==== Exercise materials

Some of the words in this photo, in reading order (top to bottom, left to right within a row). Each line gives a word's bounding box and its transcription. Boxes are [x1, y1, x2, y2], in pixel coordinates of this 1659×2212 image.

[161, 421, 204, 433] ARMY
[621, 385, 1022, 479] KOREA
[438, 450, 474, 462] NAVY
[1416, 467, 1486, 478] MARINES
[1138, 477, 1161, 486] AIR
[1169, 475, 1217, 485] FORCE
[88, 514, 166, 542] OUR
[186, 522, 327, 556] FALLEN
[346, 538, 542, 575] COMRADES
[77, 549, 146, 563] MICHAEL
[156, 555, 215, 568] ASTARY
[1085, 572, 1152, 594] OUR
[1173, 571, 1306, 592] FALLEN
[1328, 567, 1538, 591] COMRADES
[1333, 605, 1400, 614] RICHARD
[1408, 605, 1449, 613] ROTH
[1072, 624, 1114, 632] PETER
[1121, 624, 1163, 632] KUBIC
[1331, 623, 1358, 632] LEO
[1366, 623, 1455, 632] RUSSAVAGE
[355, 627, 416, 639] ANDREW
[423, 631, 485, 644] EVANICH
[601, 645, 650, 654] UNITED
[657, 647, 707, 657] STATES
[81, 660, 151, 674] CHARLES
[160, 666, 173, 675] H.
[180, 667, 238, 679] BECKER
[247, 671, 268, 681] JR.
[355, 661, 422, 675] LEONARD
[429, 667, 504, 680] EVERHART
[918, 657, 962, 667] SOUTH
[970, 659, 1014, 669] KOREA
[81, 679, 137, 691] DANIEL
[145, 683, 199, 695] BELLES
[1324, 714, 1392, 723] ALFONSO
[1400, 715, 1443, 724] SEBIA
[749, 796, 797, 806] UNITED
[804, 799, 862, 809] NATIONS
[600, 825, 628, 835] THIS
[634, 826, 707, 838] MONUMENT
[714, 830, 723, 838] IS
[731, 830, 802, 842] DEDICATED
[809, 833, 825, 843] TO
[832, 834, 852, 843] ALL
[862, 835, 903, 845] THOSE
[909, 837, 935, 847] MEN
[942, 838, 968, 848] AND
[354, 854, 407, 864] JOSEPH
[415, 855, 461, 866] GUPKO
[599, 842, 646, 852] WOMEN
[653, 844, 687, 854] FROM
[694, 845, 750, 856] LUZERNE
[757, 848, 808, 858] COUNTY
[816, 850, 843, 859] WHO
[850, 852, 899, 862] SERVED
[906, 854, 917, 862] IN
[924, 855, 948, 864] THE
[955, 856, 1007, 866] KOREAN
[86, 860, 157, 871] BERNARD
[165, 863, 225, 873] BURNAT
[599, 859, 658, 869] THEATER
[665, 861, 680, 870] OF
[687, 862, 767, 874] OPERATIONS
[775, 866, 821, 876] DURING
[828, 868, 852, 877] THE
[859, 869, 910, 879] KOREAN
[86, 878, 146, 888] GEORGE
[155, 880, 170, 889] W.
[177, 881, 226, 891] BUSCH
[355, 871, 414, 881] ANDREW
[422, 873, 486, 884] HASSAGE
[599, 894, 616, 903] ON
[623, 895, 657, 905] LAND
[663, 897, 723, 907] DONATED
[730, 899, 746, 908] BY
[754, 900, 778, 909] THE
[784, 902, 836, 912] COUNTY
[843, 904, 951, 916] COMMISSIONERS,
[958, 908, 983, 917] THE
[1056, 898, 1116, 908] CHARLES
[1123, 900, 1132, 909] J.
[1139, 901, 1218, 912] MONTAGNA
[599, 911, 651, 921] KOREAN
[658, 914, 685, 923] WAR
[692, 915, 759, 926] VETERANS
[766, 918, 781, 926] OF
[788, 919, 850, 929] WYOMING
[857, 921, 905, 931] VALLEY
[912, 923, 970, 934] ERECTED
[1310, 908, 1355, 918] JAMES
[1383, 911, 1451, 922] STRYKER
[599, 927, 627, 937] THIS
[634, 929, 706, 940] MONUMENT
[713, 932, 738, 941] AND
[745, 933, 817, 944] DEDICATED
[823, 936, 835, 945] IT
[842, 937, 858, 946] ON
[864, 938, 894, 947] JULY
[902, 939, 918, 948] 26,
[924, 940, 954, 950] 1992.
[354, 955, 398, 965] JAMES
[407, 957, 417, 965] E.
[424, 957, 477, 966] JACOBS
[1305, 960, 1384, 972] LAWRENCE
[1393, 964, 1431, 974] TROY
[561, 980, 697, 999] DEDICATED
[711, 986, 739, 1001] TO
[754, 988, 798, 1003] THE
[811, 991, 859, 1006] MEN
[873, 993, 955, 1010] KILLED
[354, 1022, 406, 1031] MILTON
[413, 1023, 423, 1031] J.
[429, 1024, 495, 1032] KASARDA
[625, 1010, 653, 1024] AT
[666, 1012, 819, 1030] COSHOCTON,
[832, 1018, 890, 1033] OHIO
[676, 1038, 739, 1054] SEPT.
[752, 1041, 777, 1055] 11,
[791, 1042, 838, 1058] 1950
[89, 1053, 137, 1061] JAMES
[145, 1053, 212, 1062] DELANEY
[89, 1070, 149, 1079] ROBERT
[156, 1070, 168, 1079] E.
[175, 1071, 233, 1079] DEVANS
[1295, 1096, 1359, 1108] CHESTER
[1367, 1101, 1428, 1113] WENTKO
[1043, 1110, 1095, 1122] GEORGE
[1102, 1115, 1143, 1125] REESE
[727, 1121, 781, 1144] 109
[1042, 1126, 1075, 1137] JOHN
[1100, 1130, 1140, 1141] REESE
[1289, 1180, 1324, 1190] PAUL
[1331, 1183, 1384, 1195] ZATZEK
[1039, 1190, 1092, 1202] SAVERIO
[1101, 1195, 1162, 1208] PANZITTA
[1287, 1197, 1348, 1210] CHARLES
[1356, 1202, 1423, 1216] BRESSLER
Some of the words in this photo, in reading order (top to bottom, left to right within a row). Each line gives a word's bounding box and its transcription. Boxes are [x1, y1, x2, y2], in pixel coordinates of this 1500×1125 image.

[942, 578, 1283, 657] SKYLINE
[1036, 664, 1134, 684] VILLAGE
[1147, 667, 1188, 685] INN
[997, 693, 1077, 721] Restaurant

========

_Task_
Print the line containing "this 1500×1125 image." and every line after it to the end of the records above, exactly as written, and nothing else.

_Problem solution_
Some of the words in this photo, in reading order (top to bottom, left to right within a row). Each line gives a word's bounding box and its transcription. Boxes are [x1, y1, x2, y2], in pixel coordinates of this 1500×1125 image.

[942, 578, 1283, 657] SKYLINE
[1036, 664, 1134, 684] VILLAGE
[1147, 667, 1188, 685] INN
[997, 693, 1077, 721] Restaurant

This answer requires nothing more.